Tra i mirabolanti avvenimenti che verranno ricordati di questo piccolo lasso di tempo umano di inizio decennio, ce n’è uno che è passato – forse – troppo in sordina: è l’anno di “Papers, Please”, titolo indie dello sviluppatore americano Lucas Pope. Lo scopo dell’opera era permettere al videogiocatore di indossare i panni di un incaricato alla gestione dell’immigrazione di frontiera di un piccolo paese fittizio appartenente a un simil-patto di Varsavia, nel periodo dell’ultimo inasprimento della Guerra Fredda di inizio anni Ottanta.
Il gioco di Pope riusciva in modo straordinariamente efficace a rappresentare la fase terminale dell’esperienza sovietica, ponendoci in una condizione totalmente degradata e degradante: ci rendeva galoppini di un Leviatano che si ergeva alle nostre spalle, un Leviatano che ci spingeva a scegliere tra la salute e le condizioni di vita dei nostri cari e l’etica dell’essere semplicemente umani non seguendo le direttive del Comitato Centrale, ponendoci in continuazione dei quesiti morali come quello di decidere se dividere una famiglia per via di un permesso scaduto o un timbro apposto in maniera scorretta, al fine di eseguire correttamente il nostro lavoro e pagare le bollette di luce e gas.
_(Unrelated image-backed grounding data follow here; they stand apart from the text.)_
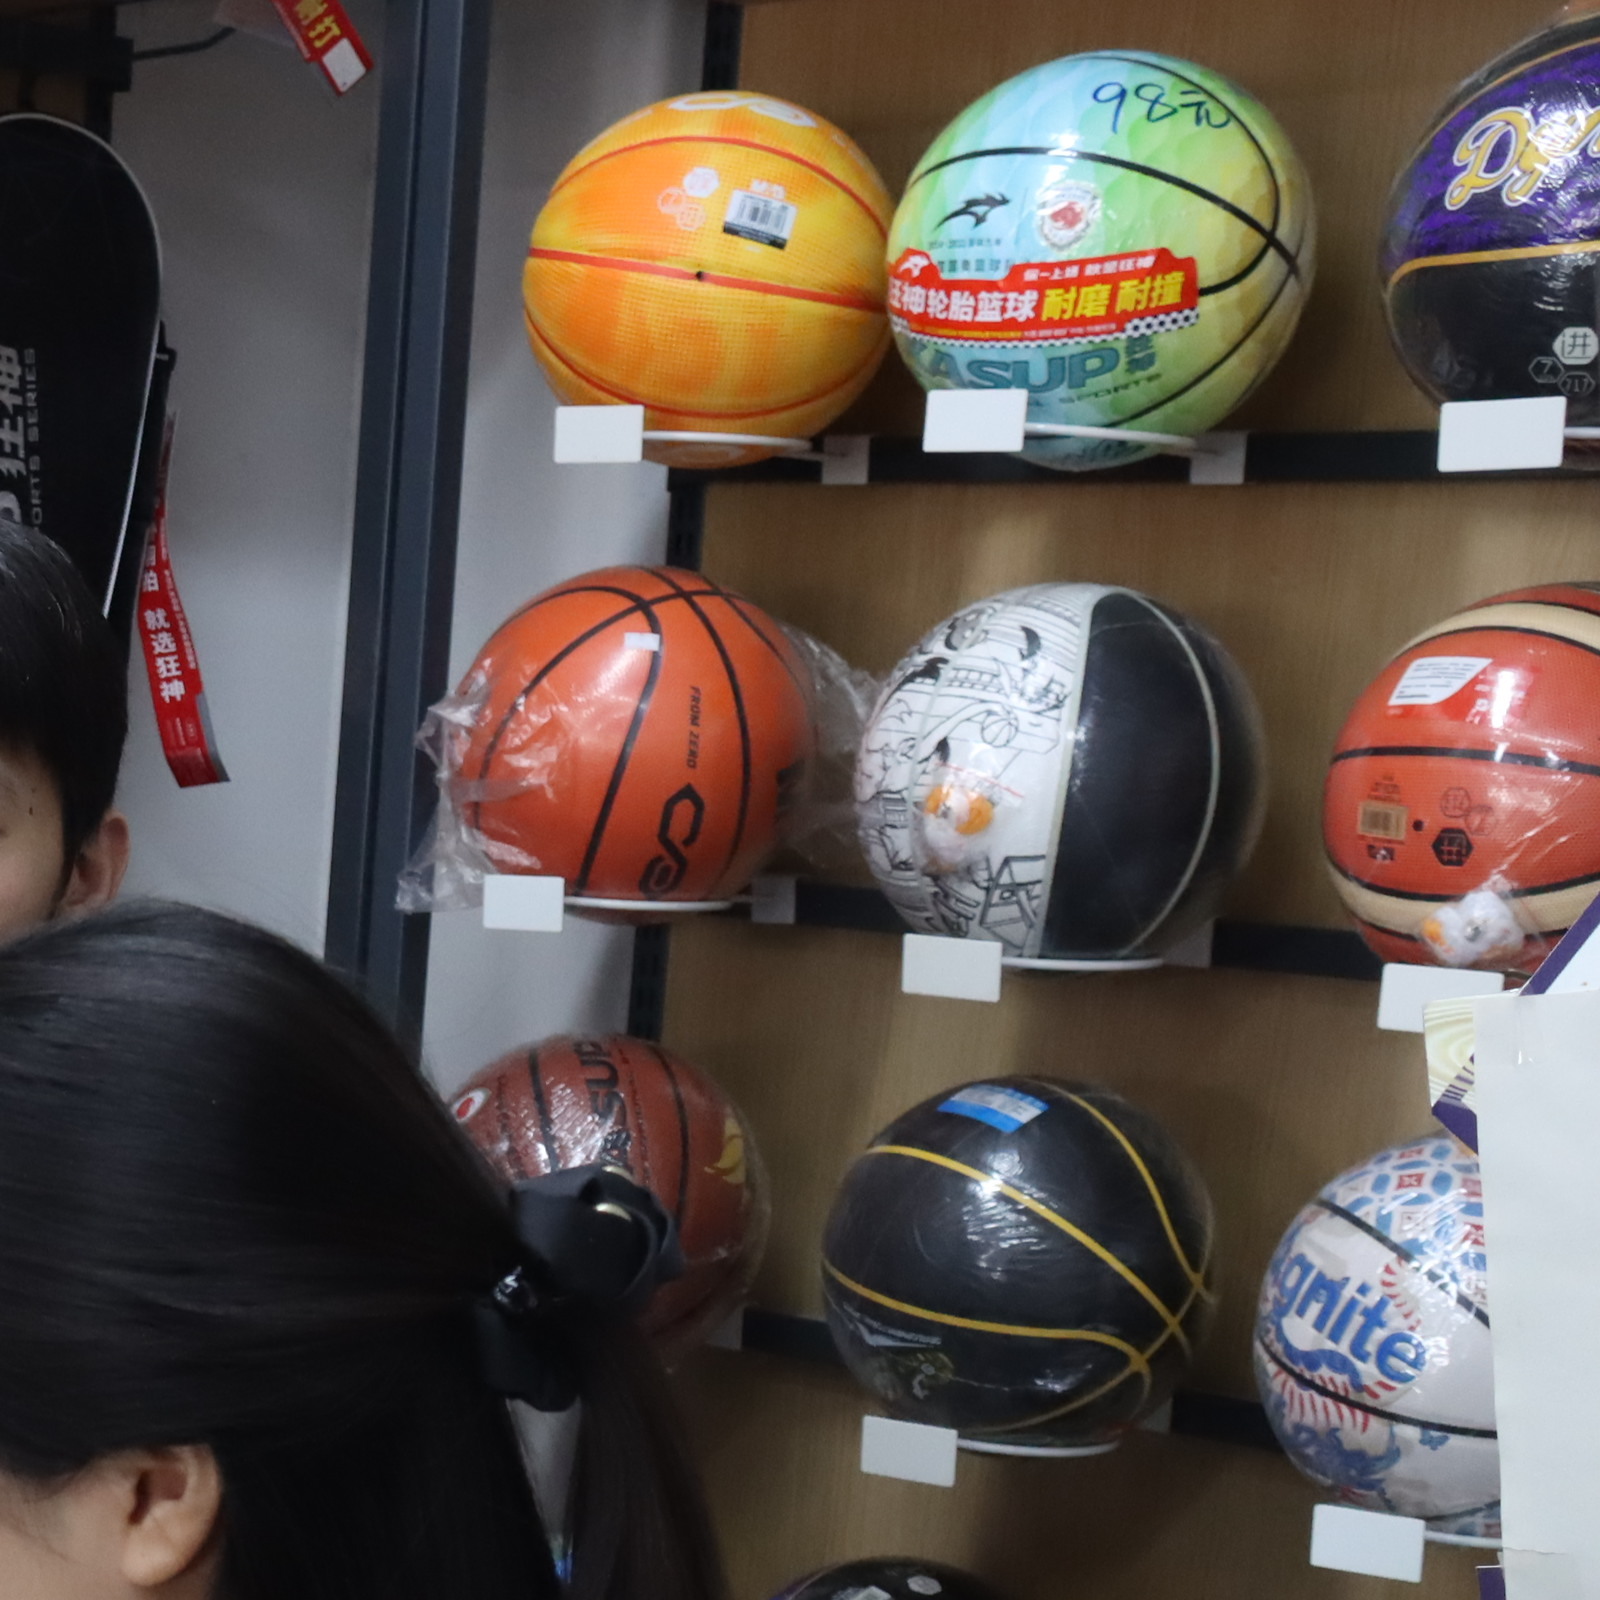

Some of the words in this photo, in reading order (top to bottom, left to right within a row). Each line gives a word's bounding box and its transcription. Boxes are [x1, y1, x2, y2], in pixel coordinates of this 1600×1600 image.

[1092, 82, 1233, 134] 98元
[1041, 284, 1113, 321] 耐磨
[1115, 271, 1186, 314] 耐撞
[23, 348, 41, 442] SERIES
[144, 608, 185, 703] 就选狂神
[689, 686, 702, 727] FROM
[686, 731, 700, 770] ZERO
Un piccolo gioiello, da cui è stato estrapolato persino un corto cinematografico.
Sei anni dopo, abbiamo avuto la fortuna di poter redigere un provato per Hard Times-Tempi Duri, titolo indie italianissimo sviluppato dai Radical Fiction e disponibile adesso in Early Access su Steam.
Se già dai primi minuti di gioco l’impressione di trovarci di fronte a un gioco che per finalità è possibile accostare a quello di Pope era fortissima, dopo qualche ora è diventata assoluta. Hard Times è il “Papers, Please” di una democrazia liberale. Pone il videogiocatore, con una violenza inaudita, nei vestiti di un senzatetto, di un ultimo, di un dimenticato. Così come Papers, Please – per mostrare le brutture e le storture di un sistema ormai al punto di collasso – ci chiedeva di immedesimarci nei compiti di un censore della comunità, allo stesso modo Hard Times ci conduce a interiorizzare una condizione che è onnipresente nella nostra comunità, ma troppo spesso sottovalutata o considerata un fastidio dalla società stessa: quella di una persona che vive sulla strada.
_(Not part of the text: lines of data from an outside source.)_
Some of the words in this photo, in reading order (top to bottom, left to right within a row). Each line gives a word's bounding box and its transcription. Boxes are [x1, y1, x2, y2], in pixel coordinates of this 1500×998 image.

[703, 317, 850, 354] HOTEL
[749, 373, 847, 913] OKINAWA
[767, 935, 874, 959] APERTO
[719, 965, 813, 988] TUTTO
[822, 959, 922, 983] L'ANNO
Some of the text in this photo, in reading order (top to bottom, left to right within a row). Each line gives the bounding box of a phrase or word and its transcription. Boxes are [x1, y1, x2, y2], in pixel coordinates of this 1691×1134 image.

La naturale osservazione, che emerge immediatamente e con gran forza, riguarda la funzione sociale del videogioco.
Caratteristica primaria di questa forma d’arte è senza dubbio l’interattività, intesa anche come capacità di riversare la personalità e la coscienza del videogiocatore all’interno di una costruzione narrativa – in senso lato – imposta dal creatore. A differenza degli altri mezzi di espressione, il videogioco consente quindi di ottenere una responsività totale del fruitore al messaggio, visto che ne è parte attiva e magmatica; qualsiasi esperienza – in potenza e sempre nell’ambito di una struttura non-simulacro – potrà dimostrarsi decisamente più immersiva rispetto a un’equivalente narrativo o un racconto per immagini.
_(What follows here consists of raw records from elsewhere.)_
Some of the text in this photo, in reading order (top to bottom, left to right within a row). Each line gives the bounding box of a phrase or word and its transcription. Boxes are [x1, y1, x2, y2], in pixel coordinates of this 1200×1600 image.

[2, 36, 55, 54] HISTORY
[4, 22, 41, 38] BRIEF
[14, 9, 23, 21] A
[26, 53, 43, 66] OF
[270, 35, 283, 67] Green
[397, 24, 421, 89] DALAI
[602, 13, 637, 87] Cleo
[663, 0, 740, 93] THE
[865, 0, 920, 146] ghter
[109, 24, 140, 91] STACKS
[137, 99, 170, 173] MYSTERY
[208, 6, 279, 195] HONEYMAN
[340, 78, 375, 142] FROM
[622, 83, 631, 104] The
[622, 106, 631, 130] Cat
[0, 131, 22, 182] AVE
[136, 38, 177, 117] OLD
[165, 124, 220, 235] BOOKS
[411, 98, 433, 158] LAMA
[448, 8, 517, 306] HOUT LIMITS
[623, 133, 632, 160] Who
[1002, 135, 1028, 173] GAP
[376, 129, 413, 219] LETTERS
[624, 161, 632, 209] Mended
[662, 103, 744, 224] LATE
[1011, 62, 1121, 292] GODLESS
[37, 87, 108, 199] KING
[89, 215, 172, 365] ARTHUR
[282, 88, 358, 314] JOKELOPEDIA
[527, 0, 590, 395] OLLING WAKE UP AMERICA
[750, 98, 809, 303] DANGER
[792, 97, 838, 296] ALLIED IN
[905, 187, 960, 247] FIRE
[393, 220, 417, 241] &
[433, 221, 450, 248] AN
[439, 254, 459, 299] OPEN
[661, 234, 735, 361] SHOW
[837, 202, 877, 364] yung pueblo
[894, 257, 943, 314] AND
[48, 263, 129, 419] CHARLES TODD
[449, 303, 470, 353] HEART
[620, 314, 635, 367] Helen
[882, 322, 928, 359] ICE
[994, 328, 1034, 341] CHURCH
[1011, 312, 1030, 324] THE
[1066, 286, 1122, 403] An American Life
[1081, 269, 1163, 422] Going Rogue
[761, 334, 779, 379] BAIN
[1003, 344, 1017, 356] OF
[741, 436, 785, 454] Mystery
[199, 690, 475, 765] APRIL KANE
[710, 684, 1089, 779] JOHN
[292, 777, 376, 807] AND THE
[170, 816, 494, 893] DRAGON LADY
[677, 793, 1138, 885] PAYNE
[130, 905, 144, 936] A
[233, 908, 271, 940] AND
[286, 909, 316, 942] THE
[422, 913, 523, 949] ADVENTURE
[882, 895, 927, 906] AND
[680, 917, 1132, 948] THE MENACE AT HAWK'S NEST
Il gioco è una potentissima critica al nostro sistema sociopolitico che, in barba alle concezioni del “mitigare la lotteria naturale attraverso il welfare” di John Rawls, si avvia sempre più verso una sperequazione nel dualismo tra libertà e sicurezza; se si unisce a questo la disparità, sempre più evidente, nella distribuzione della ricchezza, non resta altro che prendere atto di come le moderne città liberali assomiglino sempre di più a degli incubi di distopica gentrificazione, in cui essere povero è una colpa e la visione di quella colpa non è né gradita né accettata dal resto dei consociati, quasi come uno scarring effect, un effetto cicatrice che marchia a vita il singolo soggetto.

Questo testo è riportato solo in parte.